**Description of the task**
When you answer, restate the entries below without altering anything.

**Source records**
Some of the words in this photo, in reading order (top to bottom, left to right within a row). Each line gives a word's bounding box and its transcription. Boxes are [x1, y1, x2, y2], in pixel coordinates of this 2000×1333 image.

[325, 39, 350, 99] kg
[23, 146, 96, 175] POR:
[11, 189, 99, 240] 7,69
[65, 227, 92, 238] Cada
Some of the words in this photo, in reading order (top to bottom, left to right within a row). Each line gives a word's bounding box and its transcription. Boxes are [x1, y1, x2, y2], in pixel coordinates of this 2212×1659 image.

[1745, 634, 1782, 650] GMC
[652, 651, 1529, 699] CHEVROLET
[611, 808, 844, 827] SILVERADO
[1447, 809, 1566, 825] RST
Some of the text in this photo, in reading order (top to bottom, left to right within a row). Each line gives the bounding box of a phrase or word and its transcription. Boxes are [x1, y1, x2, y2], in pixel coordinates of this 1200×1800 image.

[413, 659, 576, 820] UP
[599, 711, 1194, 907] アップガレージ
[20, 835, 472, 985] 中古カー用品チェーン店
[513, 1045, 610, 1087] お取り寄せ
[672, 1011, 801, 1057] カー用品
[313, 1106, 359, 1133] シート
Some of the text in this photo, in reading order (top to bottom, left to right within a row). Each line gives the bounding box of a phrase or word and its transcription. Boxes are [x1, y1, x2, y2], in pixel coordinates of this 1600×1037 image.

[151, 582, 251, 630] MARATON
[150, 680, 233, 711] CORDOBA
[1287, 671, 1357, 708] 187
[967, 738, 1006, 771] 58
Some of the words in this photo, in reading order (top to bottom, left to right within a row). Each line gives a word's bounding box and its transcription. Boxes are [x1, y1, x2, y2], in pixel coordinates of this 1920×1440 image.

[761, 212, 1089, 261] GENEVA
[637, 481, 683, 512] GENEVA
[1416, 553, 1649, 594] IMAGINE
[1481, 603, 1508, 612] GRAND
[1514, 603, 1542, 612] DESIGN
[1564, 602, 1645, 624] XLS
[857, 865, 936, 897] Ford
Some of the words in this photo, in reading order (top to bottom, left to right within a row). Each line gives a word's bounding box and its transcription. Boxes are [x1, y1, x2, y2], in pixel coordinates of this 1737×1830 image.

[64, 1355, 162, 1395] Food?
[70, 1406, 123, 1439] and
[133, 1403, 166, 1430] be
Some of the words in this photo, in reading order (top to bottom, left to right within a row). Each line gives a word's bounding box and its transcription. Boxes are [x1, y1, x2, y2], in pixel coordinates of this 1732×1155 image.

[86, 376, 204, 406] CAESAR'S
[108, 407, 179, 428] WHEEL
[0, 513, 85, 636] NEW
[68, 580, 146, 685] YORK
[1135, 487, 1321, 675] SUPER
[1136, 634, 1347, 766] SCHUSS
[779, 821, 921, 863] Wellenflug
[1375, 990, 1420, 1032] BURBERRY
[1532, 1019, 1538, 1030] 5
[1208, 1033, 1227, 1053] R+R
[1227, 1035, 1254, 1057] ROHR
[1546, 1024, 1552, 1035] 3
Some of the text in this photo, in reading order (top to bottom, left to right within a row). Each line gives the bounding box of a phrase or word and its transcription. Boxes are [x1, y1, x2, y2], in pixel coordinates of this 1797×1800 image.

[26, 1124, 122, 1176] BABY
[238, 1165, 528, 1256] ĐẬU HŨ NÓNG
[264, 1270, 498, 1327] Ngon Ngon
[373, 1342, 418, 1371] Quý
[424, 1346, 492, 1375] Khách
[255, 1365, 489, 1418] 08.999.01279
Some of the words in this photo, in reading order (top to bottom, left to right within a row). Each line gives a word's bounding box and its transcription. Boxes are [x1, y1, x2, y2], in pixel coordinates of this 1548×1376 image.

**Answer for this exercise**
Some of the words in this photo, in reading order (top to bottom, left to right within a row). Each line gives a word's bounding box and its transcription. Boxes are [x1, y1, x2, y2], in pixel coordinates of this 2000×1333 image.

[325, 39, 350, 99] kg
[23, 146, 96, 175] POR:
[11, 189, 99, 240] 7,69
[65, 227, 92, 238] Cada
Some of the words in this photo, in reading order (top to bottom, left to right within a row). Each line gives a word's bounding box and its transcription. Boxes are [x1, y1, x2, y2], in pixel coordinates of this 2212×1659 image.

[1745, 634, 1782, 650] GMC
[652, 651, 1529, 699] CHEVROLET
[611, 808, 844, 827] SILVERADO
[1447, 809, 1566, 825] RST
Some of the text in this photo, in reading order (top to bottom, left to right within a row). Each line gives the bounding box of a phrase or word and its transcription. Boxes are [x1, y1, x2, y2], in pixel coordinates of this 1200×1800 image.

[413, 659, 576, 820] UP
[599, 711, 1194, 907] アップガレージ
[20, 835, 472, 985] 中古カー用品チェーン店
[513, 1045, 610, 1087] お取り寄せ
[672, 1011, 801, 1057] カー用品
[313, 1106, 359, 1133] シート
Some of the text in this photo, in reading order (top to bottom, left to right within a row). Each line gives the bounding box of a phrase or word and its transcription. Boxes are [x1, y1, x2, y2], in pixel coordinates of this 1600×1037 image.

[151, 582, 251, 630] MARATON
[150, 680, 233, 711] CORDOBA
[1287, 671, 1357, 708] 187
[967, 738, 1006, 771] 58
Some of the words in this photo, in reading order (top to bottom, left to right within a row). Each line gives a word's bounding box and its transcription. Boxes are [x1, y1, x2, y2], in pixel coordinates of this 1920×1440 image.

[761, 212, 1089, 261] GENEVA
[637, 481, 683, 512] GENEVA
[1416, 553, 1649, 594] IMAGINE
[1481, 603, 1508, 612] GRAND
[1514, 603, 1542, 612] DESIGN
[1564, 602, 1645, 624] XLS
[857, 865, 936, 897] Ford
Some of the words in this photo, in reading order (top to bottom, left to right within a row). Each line gives a word's bounding box and its transcription. Boxes are [x1, y1, x2, y2], in pixel coordinates of this 1737×1830 image.

[64, 1355, 162, 1395] Food?
[70, 1406, 123, 1439] and
[133, 1403, 166, 1430] be
Some of the words in this photo, in reading order (top to bottom, left to right within a row). Each line gives a word's bounding box and its transcription. Boxes are [x1, y1, x2, y2], in pixel coordinates of this 1732×1155 image.

[86, 376, 204, 406] CAESAR'S
[108, 407, 179, 428] WHEEL
[0, 513, 85, 636] NEW
[68, 580, 146, 685] YORK
[1135, 487, 1321, 675] SUPER
[1136, 634, 1347, 766] SCHUSS
[779, 821, 921, 863] Wellenflug
[1375, 990, 1420, 1032] BURBERRY
[1532, 1019, 1538, 1030] 5
[1208, 1033, 1227, 1053] R+R
[1227, 1035, 1254, 1057] ROHR
[1546, 1024, 1552, 1035] 3
Some of the text in this photo, in reading order (top to bottom, left to right within a row). Each line gives the bounding box of a phrase or word and its transcription. Boxes are [x1, y1, x2, y2], in pixel coordinates of this 1797×1800 image.

[26, 1124, 122, 1176] BABY
[238, 1165, 528, 1256] ĐẬU HŨ NÓNG
[264, 1270, 498, 1327] Ngon Ngon
[373, 1342, 418, 1371] Quý
[424, 1346, 492, 1375] Khách
[255, 1365, 489, 1418] 08.999.01279
Some of the words in this photo, in reading order (top to bottom, left to right within a row). Each line gives a word's bounding box and its transcription. Boxes are [x1, y1, x2, y2], in pixel coordinates of this 1548×1376 image.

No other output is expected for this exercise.